* TASK BRIEF: Word for word, restate the lines of the listing below from the line with "this 1600×901 image." through the line with "this 1500×1001 image.", and do not include the pictures.

__________

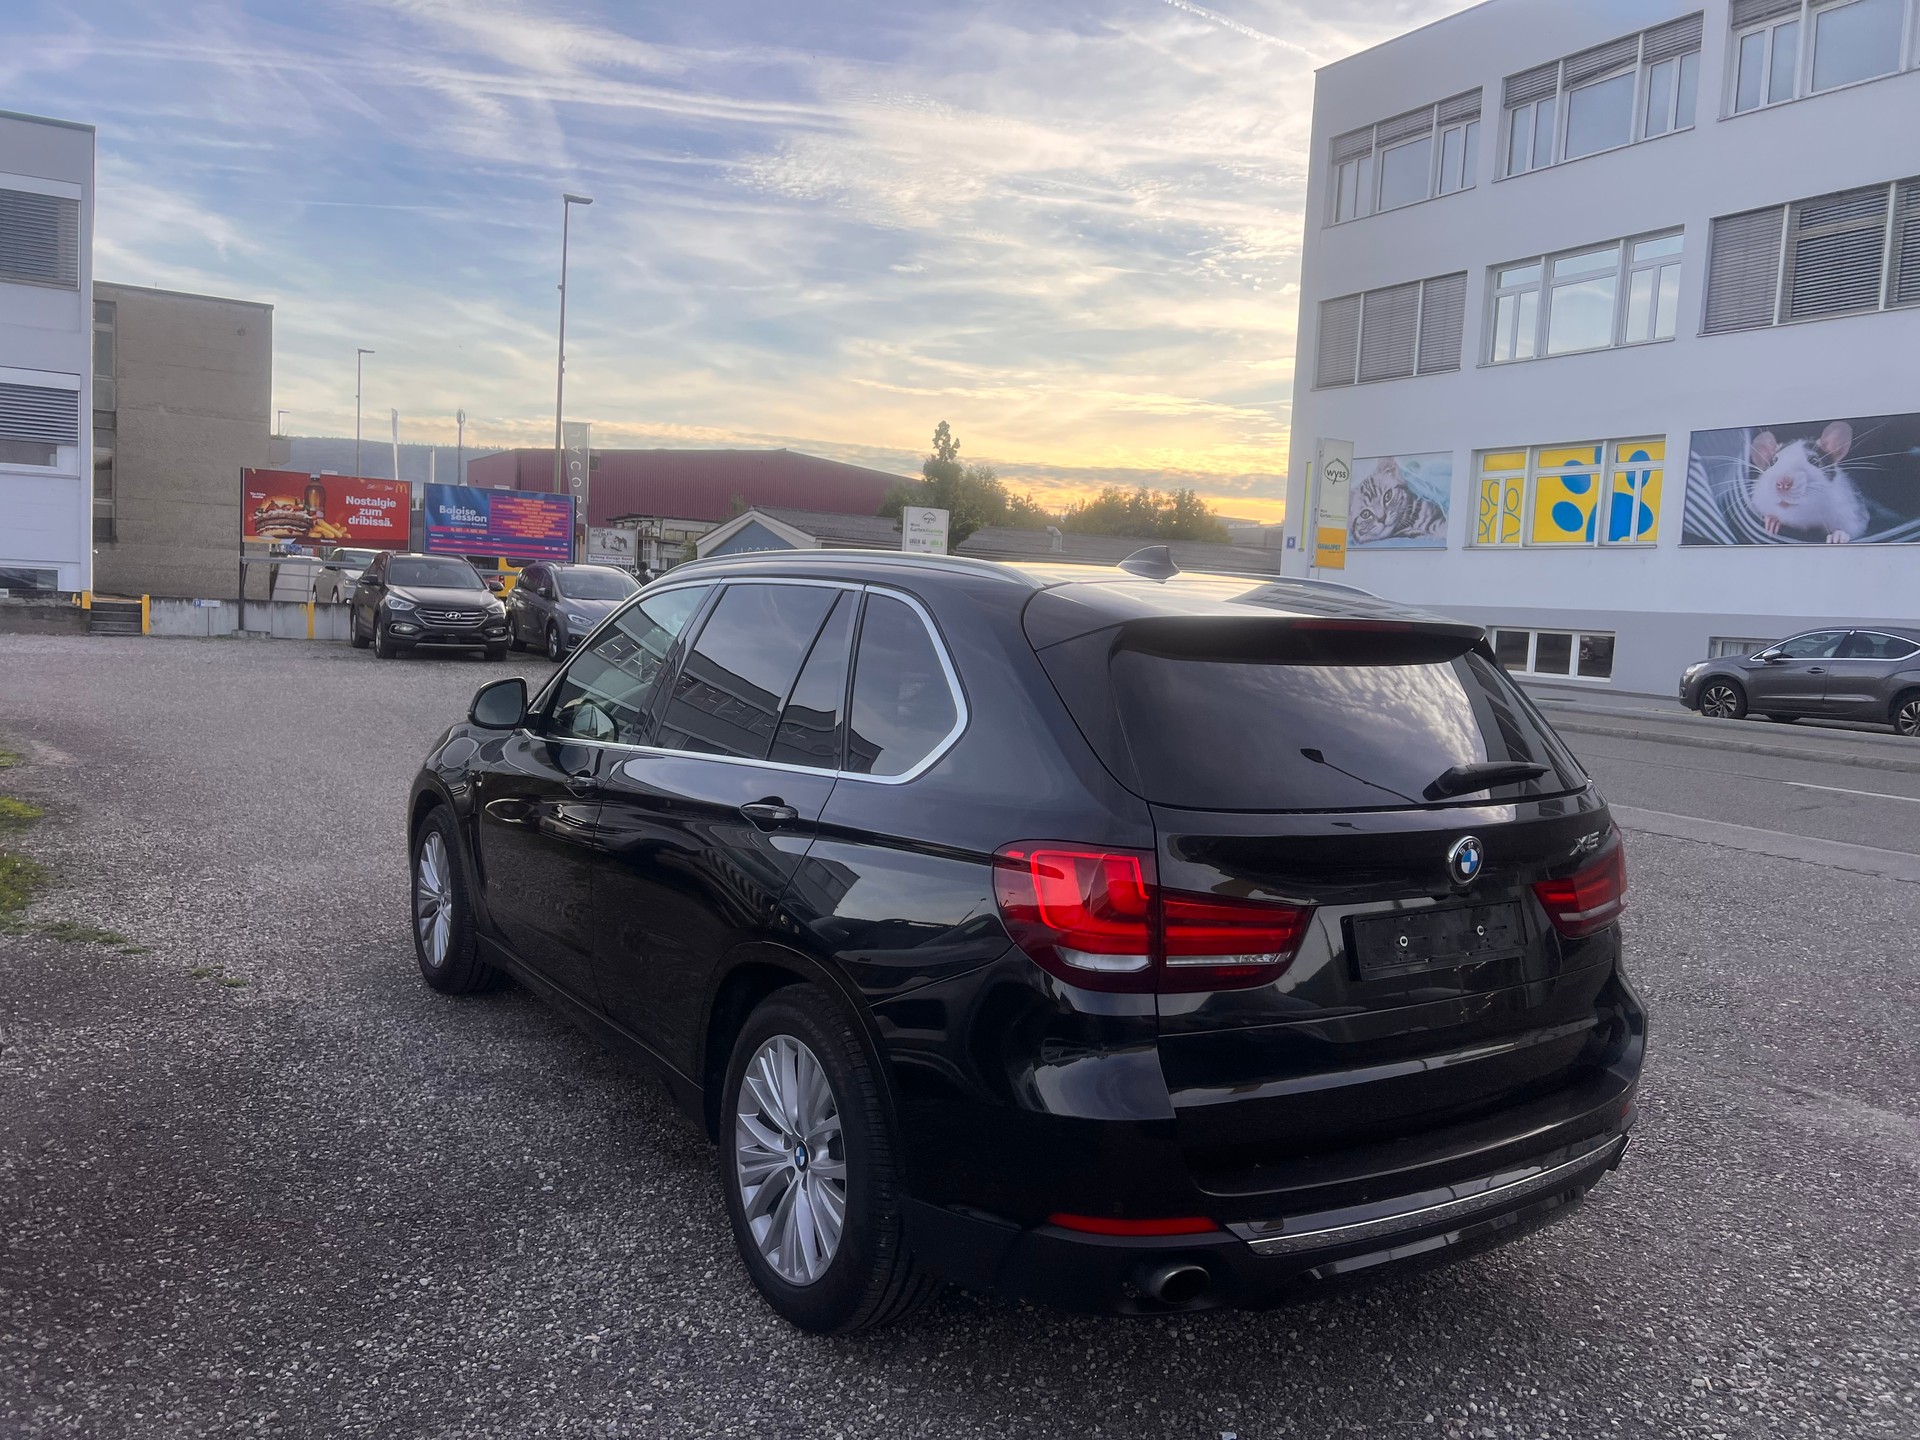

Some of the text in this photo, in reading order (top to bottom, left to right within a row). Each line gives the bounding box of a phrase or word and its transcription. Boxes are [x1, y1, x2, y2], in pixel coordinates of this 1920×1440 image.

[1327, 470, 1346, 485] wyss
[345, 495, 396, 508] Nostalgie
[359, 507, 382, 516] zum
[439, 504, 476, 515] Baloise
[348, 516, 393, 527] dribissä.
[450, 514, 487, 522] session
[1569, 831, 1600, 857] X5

__________

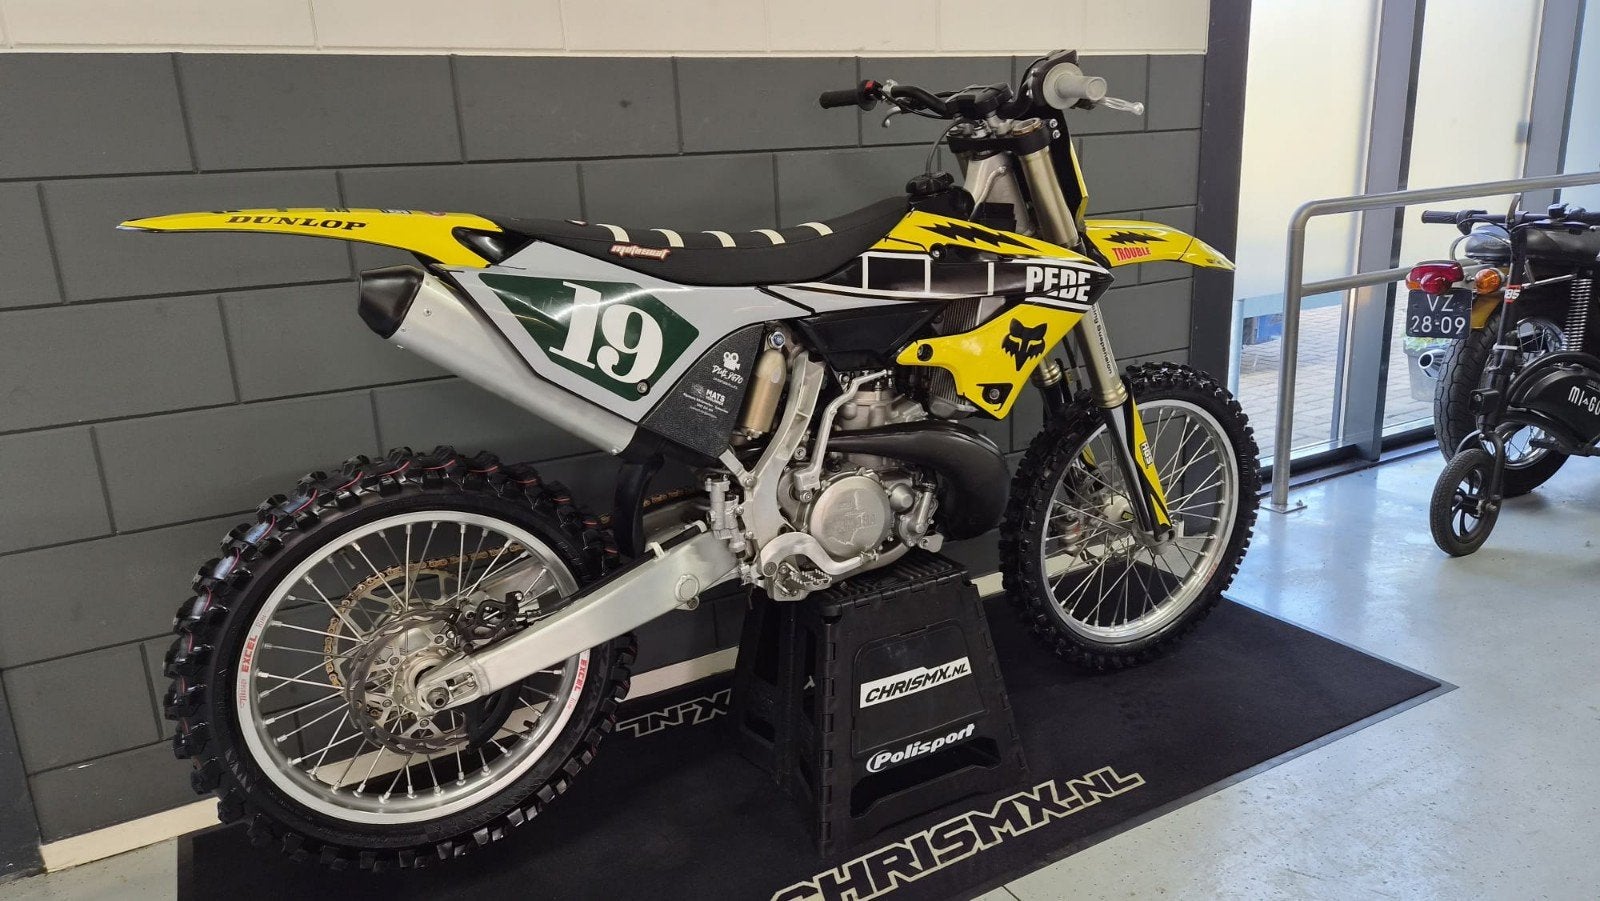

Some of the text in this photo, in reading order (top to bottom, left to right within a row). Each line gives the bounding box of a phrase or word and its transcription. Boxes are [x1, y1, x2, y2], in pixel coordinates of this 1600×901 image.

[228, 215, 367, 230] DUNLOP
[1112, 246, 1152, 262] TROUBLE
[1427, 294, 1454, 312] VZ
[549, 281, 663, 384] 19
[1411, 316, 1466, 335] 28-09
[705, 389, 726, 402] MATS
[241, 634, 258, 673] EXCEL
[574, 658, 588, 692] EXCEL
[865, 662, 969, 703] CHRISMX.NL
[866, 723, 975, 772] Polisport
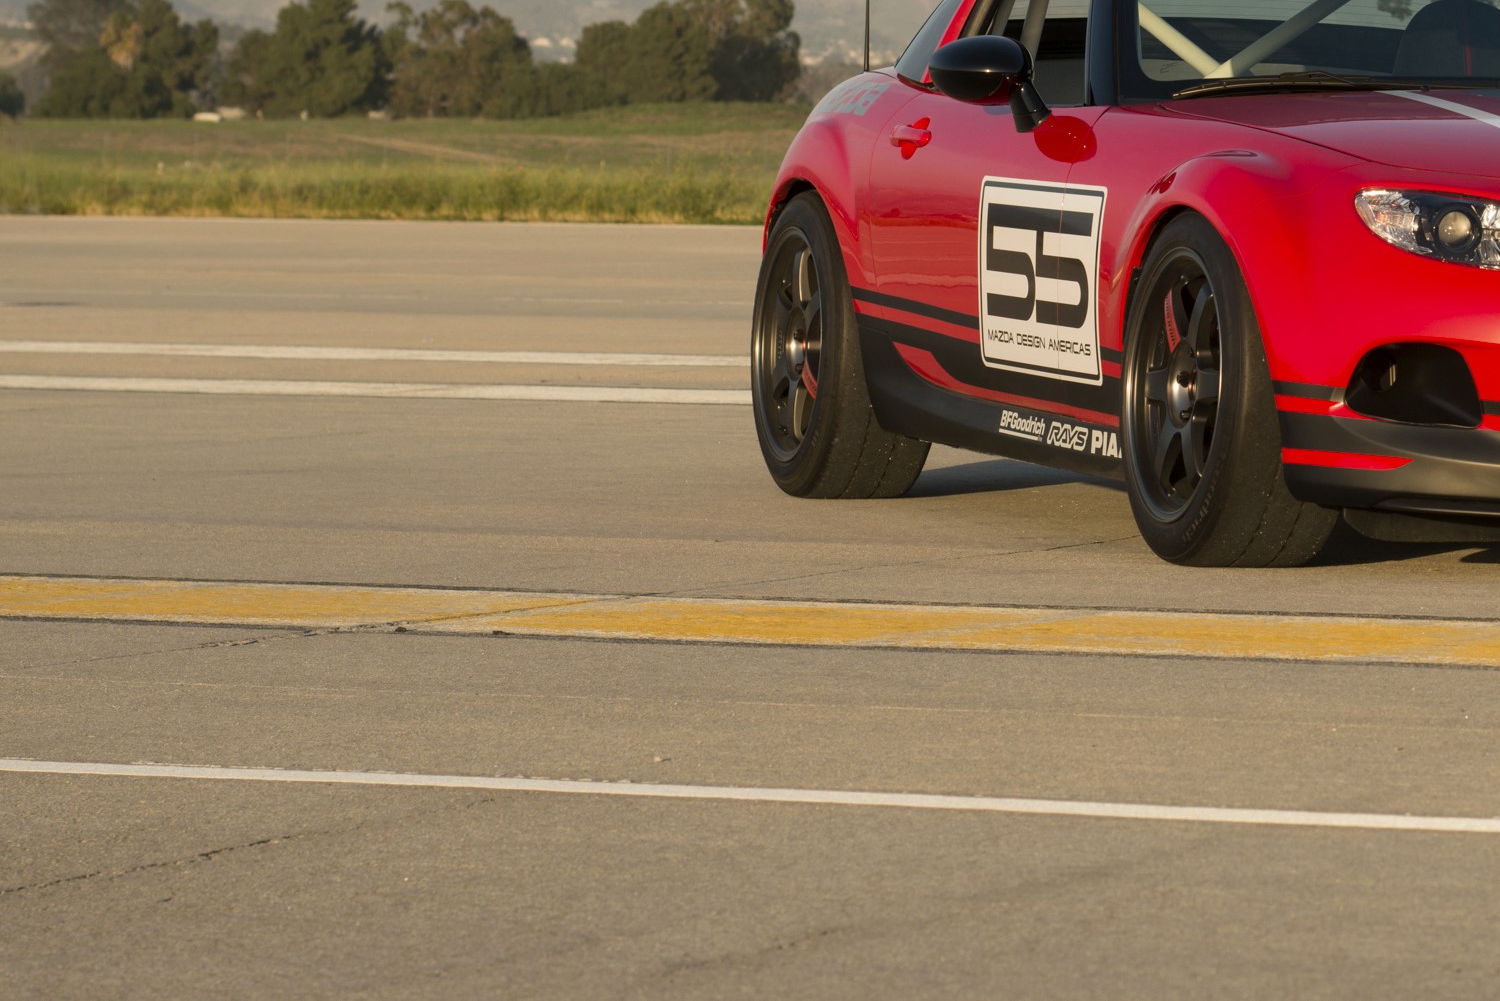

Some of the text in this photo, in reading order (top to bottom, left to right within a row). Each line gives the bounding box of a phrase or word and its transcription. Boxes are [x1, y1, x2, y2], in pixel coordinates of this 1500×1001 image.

__________

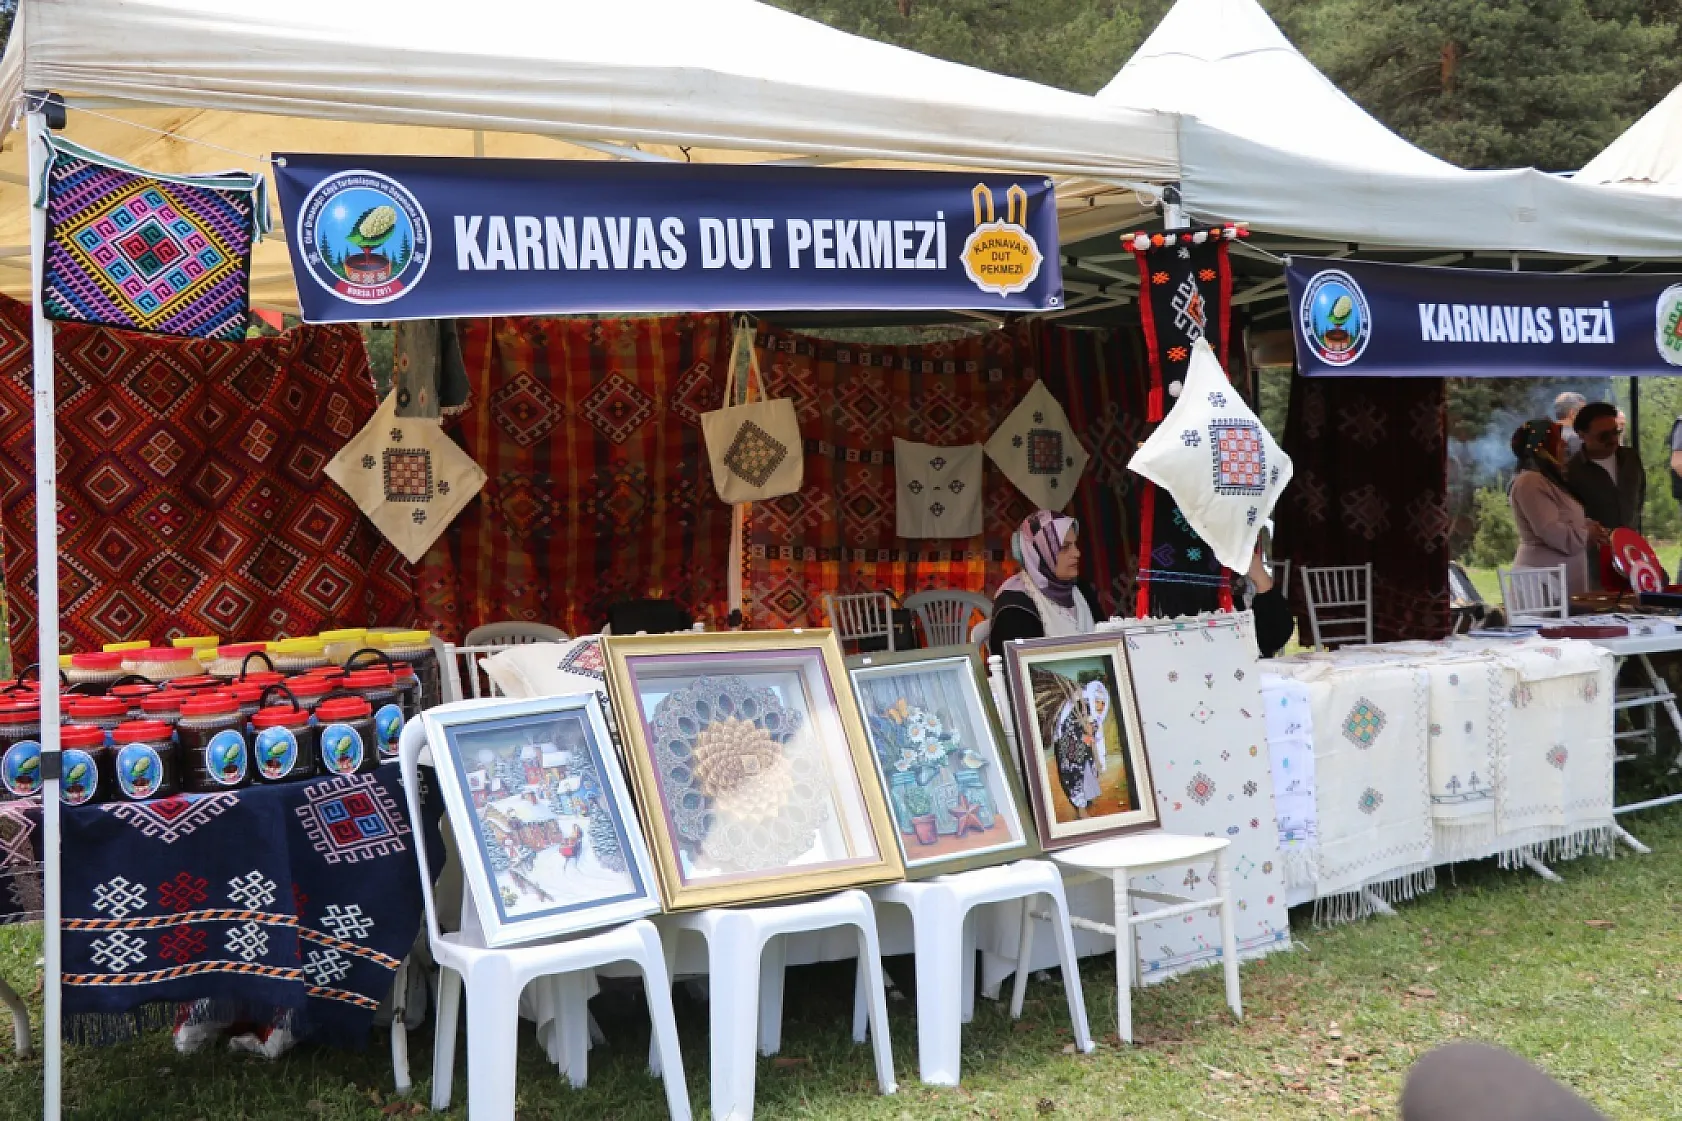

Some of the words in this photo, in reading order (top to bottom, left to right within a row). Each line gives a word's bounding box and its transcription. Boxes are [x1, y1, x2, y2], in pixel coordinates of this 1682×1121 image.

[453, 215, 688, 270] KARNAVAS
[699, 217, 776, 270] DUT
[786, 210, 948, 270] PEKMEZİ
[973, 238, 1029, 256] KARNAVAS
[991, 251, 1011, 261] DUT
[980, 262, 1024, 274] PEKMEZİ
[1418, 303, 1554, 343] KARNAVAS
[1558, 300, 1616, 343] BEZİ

__________

* EXERCISE RESULT:
Some of the text in this photo, in reading order (top to bottom, left to right within a row). Each line gives the bounding box of a phrase or word and its transcription. Boxes are [x1, y1, x2, y2], in pixel coordinates of this 1600×901 image.

[228, 215, 367, 230] DUNLOP
[1112, 246, 1152, 262] TROUBLE
[1427, 294, 1454, 312] VZ
[549, 281, 663, 384] 19
[1411, 316, 1466, 335] 28-09
[705, 389, 726, 402] MATS
[241, 634, 258, 673] EXCEL
[574, 658, 588, 692] EXCEL
[865, 662, 969, 703] CHRISMX.NL
[866, 723, 975, 772] Polisport

Some of the text in this photo, in reading order (top to bottom, left to right within a row). Each line gives the bounding box of a phrase or word and its transcription. Boxes are [x1, y1, x2, y2], in pixel coordinates of this 1500×1001 image.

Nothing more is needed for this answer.